« DGSE : la fabrique des agents secrets », un documentaire signé Jean-Christophe Notin et Théo Ivanez

Ils ressemblent à chacun de nous. Ils pourraient être votre voisin(e) de palier ou faire partie de vos proches sans éveiller une once de soupçon tant les agents de la DGSE ont vocation à passer inaperçu. Pouvoir, le temps d'un documentaire, les entendre évoquer leur travail sans mettre pour autant en péril leur identité est une occasion unique d'effleurer le quotidien de ces femmes et hommes de l'ombre. « DGSE : la fabrique des agents secrets », à voir mardi 9 avril à 21.10 sur France 2.

« DGSE : la fabrique des agents secrets ». © Kuiv

Aucun grand service de renseignement de cette importance n’avait encore accepté le tournage dans ses murs d’un documentaire d’une telle durée, avec une si grande variété de témoins. Degré de difficulté supplémentaire, jamais la DGSE n’avait autorisé des agents en fonction à s’exprimer avec un tel luxe de détails sur certaines de ses opérations.

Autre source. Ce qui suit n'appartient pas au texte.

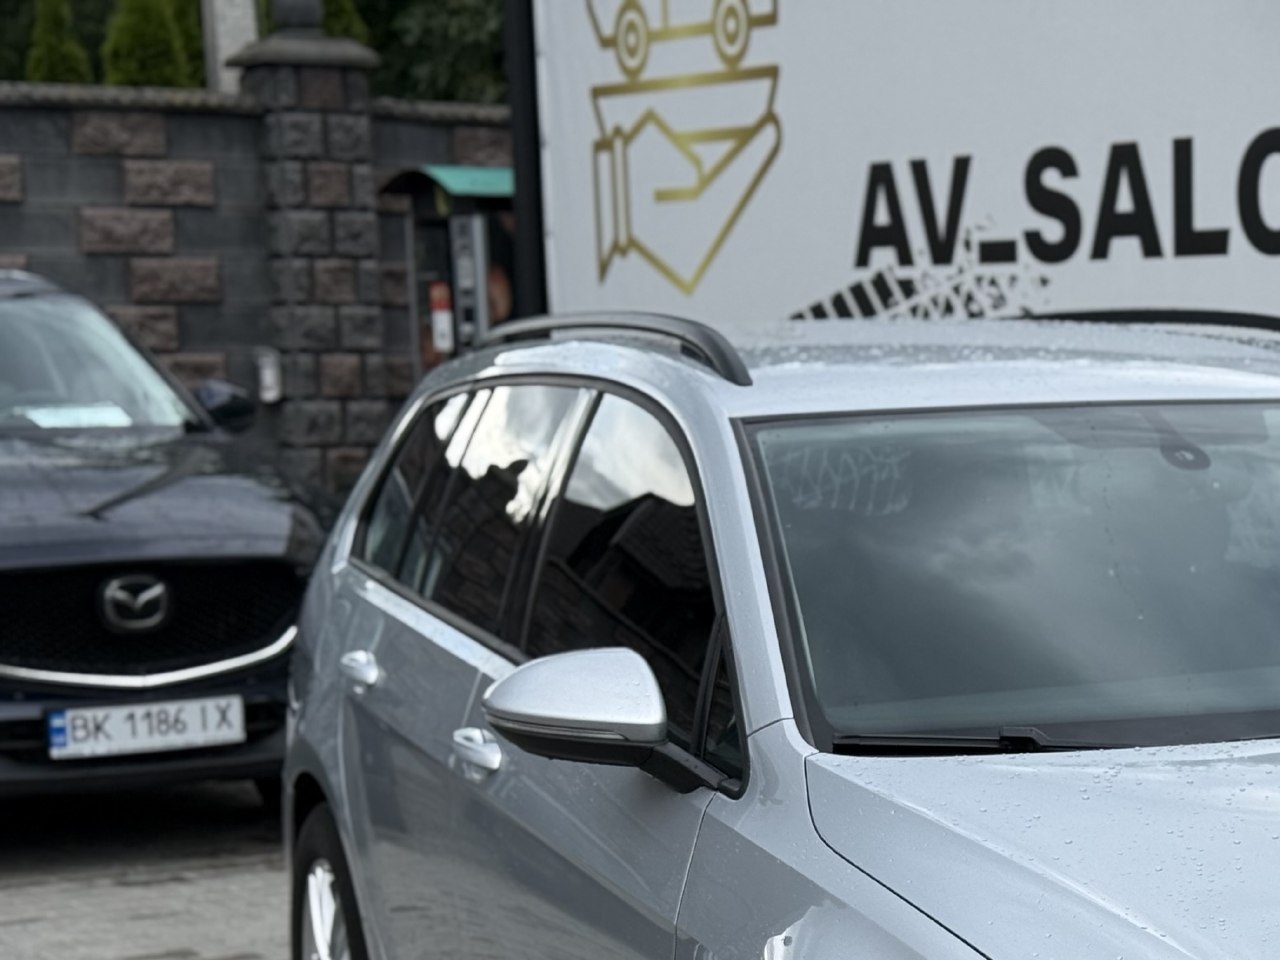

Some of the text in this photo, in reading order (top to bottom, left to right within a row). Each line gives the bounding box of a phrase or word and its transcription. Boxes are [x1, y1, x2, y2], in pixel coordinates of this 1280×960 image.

Jean-Christophe Notin, extrait de sa note d'intention

Il existe beaucoup d'idées reçues sur le renseignement et les services secrets. Que sait-on ou qu'imagine-t-on savoir ? Si le mystère qui réside autour de ces femmes et hommes de l'ombre est une source inépuisable pour la littérature et la fiction télévisée, est-on pour autant capable de dresser leur portrait sans caricaturer leur fonction ou dénaturer leurs compétences ? Et si, pour une fois, il nous était permis d'entendre leur version. De pouvoir les écouter évoquer leur parcours, leur recrutement, leur fonction. Et ainsi leur permettre de nous donner un aperçu, non exhaustif, de leur vie sous couverture. Cette requête, que beaucoup jugeraient irréaliste, Jean-Christophe Notin et Théo Ivanez l'ont obtenue. Ils ont pu, sous conditions, s'entretenir avec des membres de la Direction générale de la Sécurité extérieure (DGSE) en activité et se rendre au cœur de l'institution, boulevard Mortier à Paris. Jamais nous ne connaîtrons leur identité. Pas plus que nous verrons leur visage. Ce serait un non-sens et un risque certain pour leur sécurité (et leurs missions passées, présentes et futures).

Des missions sous couverture
« La DGSE, c'est un service spécial, c'est-à-dire qu'il a des moyens particulier pour agir à l'extérieur, précise Bernard Émié, directeur général de la sécurité extérieure (de 2017 à 2024). Et c'est aussi un service qui agit de manière clandestine. Cela veut dire qu'il faut que nous inventions, à nos agents, des existences, des légendes, un passé, un métier. Et donc, tout cela, c'est une construction que je qualifierais d'orfèvrerie de la clandestinité. »
On imaginait bien qu'il fallait construire un personnage, ou du moins élaborer une histoire autour d'un individu qui n'existe pas vraiment. C'est vous sans être vous, selon que vous ayez ou non laissé des traces lors de vos séjours à l'étranger, dans d'autres institutions. La construction du futur agent ne s'arrête pas à cette théâtralité du personnage. Apprentissage, mise en situation, entraînement physique font partie de la formation. Tout le monde n'a pas les compétences ou l'appétence pour devenir maître du renseignement ou du contre-espionnage, mais pour ceux qui y parviennent, partir en mission, obtenir des informations sensibles, pouvoir déjouer des tentatives d'ingérence ou d'attentat, remonter la piste de commanditaires d'assassinat, démanteler des cellules terroristes, devient leur quotidien. « À chaque fois qu'on apporte un renseignement très important, quasi stratégique, explique Anne (officier supérieur, contre-prolifération), nos autorités peuvent décider d'en faire quelque chose. Et d'ailleurs, on voit parfois nos autorités aller sur les plateaux de télé pour dire “La France a pu prouver...”, ce genre de choses. On sait que ça va avoir une implication politique importante [...]. Il y a un sentiment de fierté. Le fait que nos conjoints, nos familles ne le savent pas, ce n'est pas gênant parce qu'en fait on a tellement, quelque part, cloisonné notre travail et la famille, que notre famille, elle nous aime pour ce qu'on est et pas pour ce qu'on fait. »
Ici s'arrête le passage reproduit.